Tar may be a “monster”, as Kiang calls her, but over the decades I’ve been in the orbit of several such headstrong egoists, male and female alike, and when you become a big, wealthy visionary cheese such behavior sometimes (but not always) goes with the territory.  Regrettable and possibly unpleasant for certain parties, but not evil.  Kiang is one of those who regards Lydia Tar”s third-act takedown by woke “robots” as a justified thing.  That, to me, is horrifying.

Tar is a piece of work, all right, and I wouldn’t want to get too close to a real-life counterpart for fear of stray venom pellets, but she’s not that awful — her behavior has been observed among many headstrong creators.  Nearly ever powerful person in world history, especially the creatively powerful and world-famous, has used his or her power to persuade attractive young people to fuck or pleasure them or serve as arm-candy. They’ve all done it. Lydia Tar is no different. Way of the big, bad, grown-up world. And after you turn 20 you have to figure that stuff out.
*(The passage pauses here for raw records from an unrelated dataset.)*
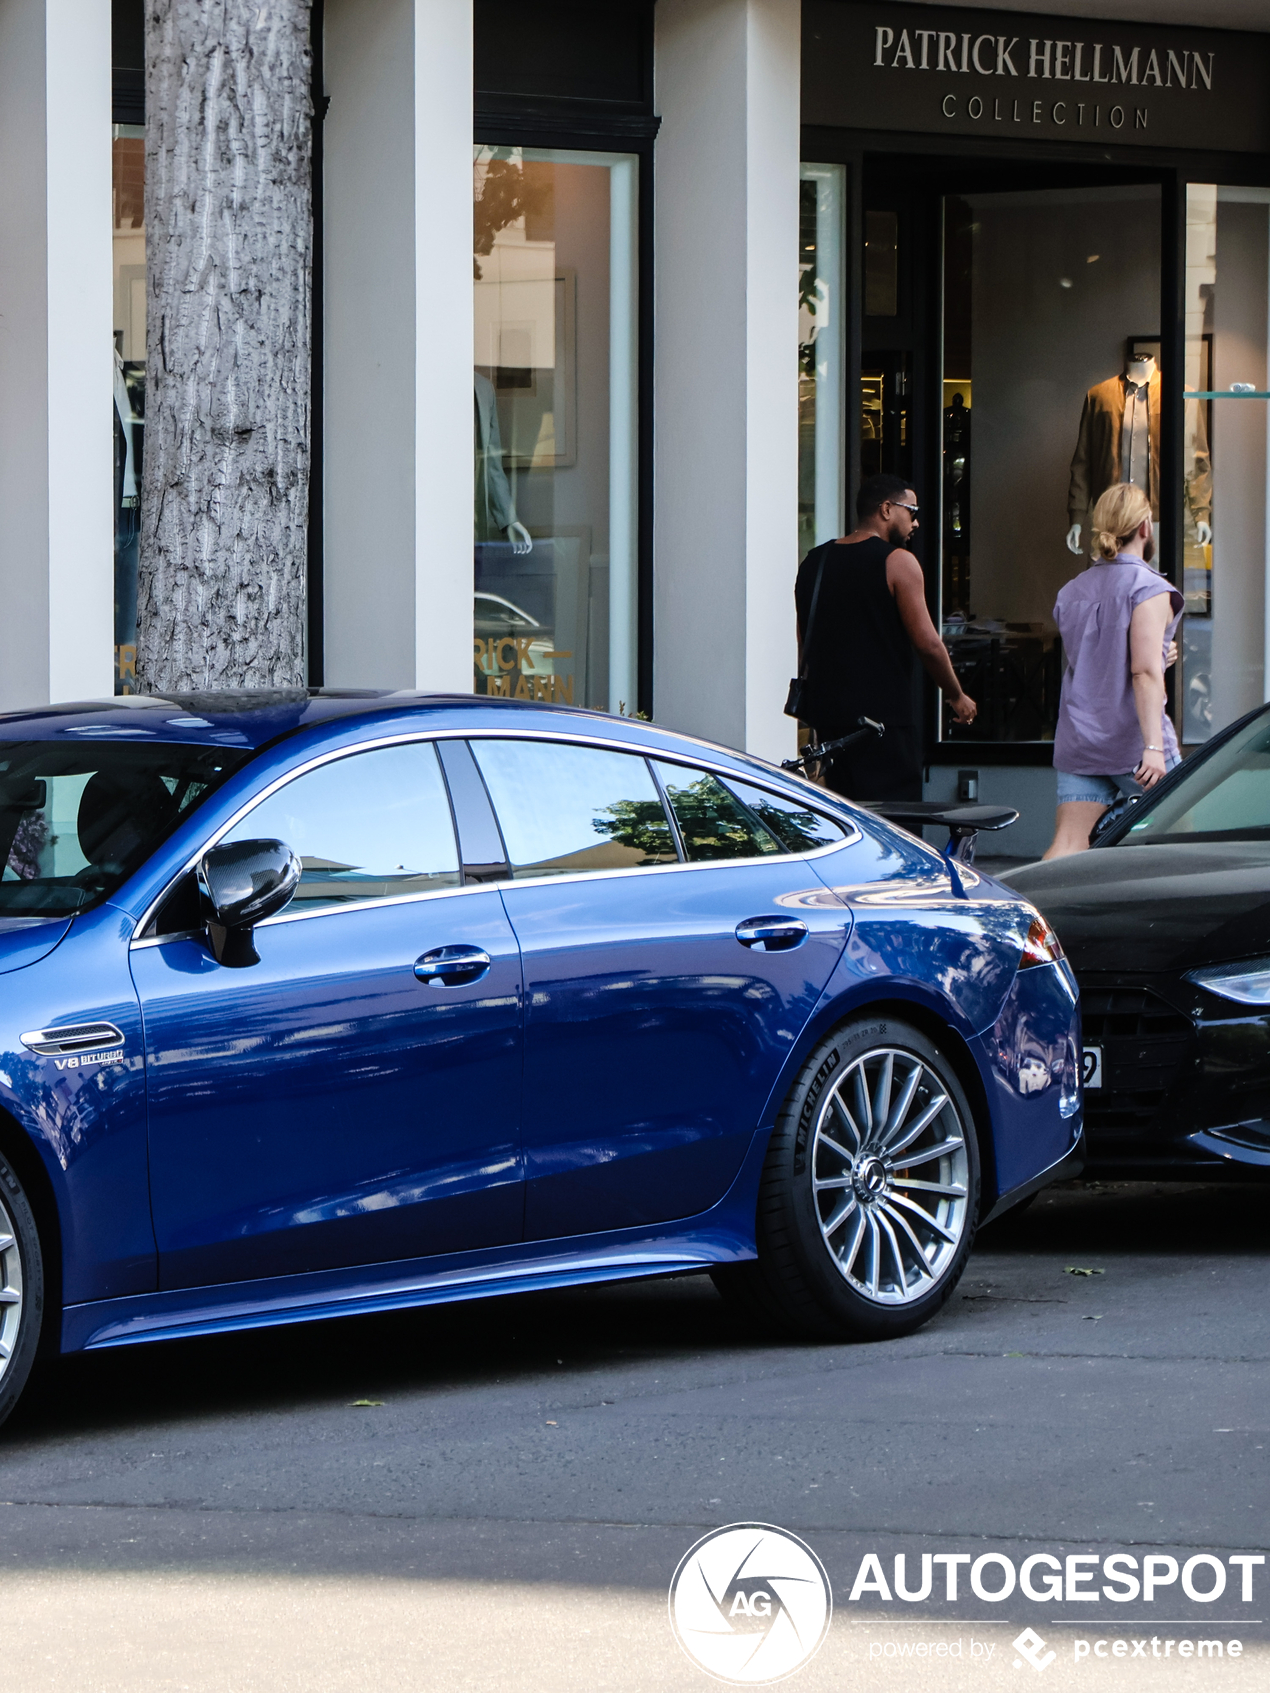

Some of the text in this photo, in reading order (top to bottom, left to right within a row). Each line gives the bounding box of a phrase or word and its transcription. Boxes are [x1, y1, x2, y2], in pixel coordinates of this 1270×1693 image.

[873, 26, 1215, 90] PATRICK HELLMANN
[942, 94, 1148, 129] COLLECTION
[474, 674, 573, 704] MANN
[54, 1057, 79, 1071] V8
[80, 1049, 123, 1065] BITURBO
[1083, 1051, 1097, 1084] 9
[797, 1051, 838, 1146] MICHELIN
Plus I”m still bothered by the fact that Field doesn’t allow a single sexual vapor into the film — he asks us to supply our own imaginings.

**Thanks to “SlashMC.”

Friendo: “I don’t really see the comparison. Lydia Tar is an infinitely more supple and layered character. And as you keep pointing out, she’s not really a monster (which Daniel Plainview is). Only in the minds of woke scolds like Jessica Kiang does the Tar/Plainview comparison hold water.”